# What the exercise asks
Every record below should be printed again exactly, with its pictures removed.

# The input
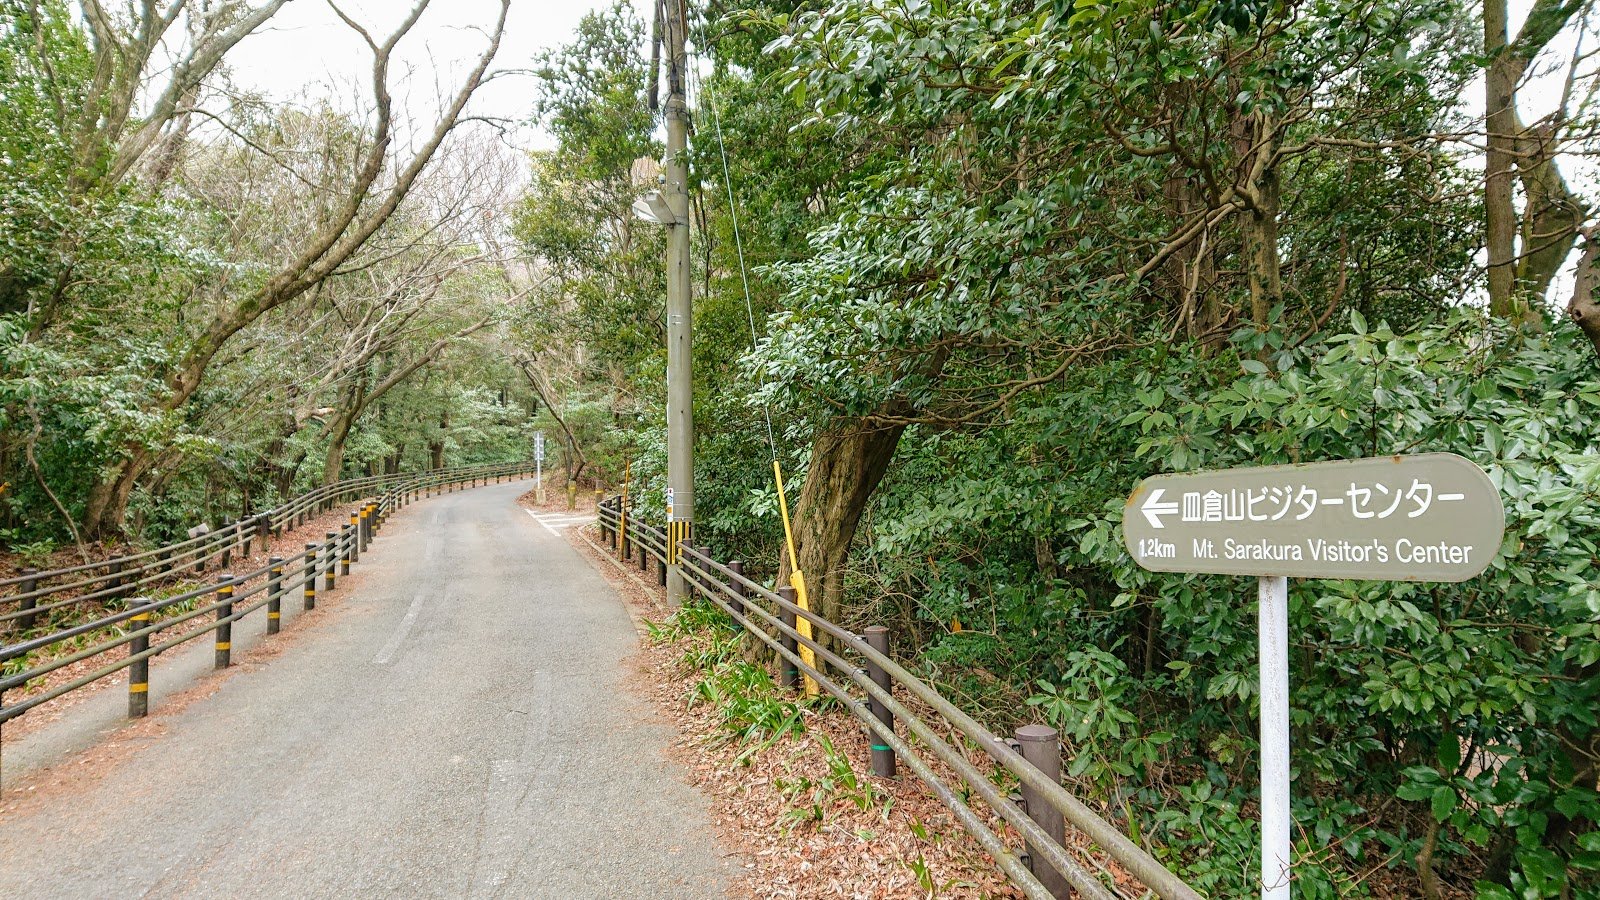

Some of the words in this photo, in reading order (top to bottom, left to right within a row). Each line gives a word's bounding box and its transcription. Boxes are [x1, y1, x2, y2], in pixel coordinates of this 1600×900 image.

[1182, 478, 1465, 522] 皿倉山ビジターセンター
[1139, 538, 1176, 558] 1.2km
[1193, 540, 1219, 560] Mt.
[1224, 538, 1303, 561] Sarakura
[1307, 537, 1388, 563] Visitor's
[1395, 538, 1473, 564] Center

# Solution
Some of the words in this photo, in reading order (top to bottom, left to right within a row). Each line gives a word's bounding box and its transcription. Boxes are [x1, y1, x2, y2], in pixel coordinates of this 1600×900 image.

[1182, 478, 1465, 522] 皿倉山ビジターセンター
[1139, 538, 1176, 558] 1.2km
[1193, 540, 1219, 560] Mt.
[1224, 538, 1303, 561] Sarakura
[1307, 537, 1388, 563] Visitor's
[1395, 538, 1473, 564] Center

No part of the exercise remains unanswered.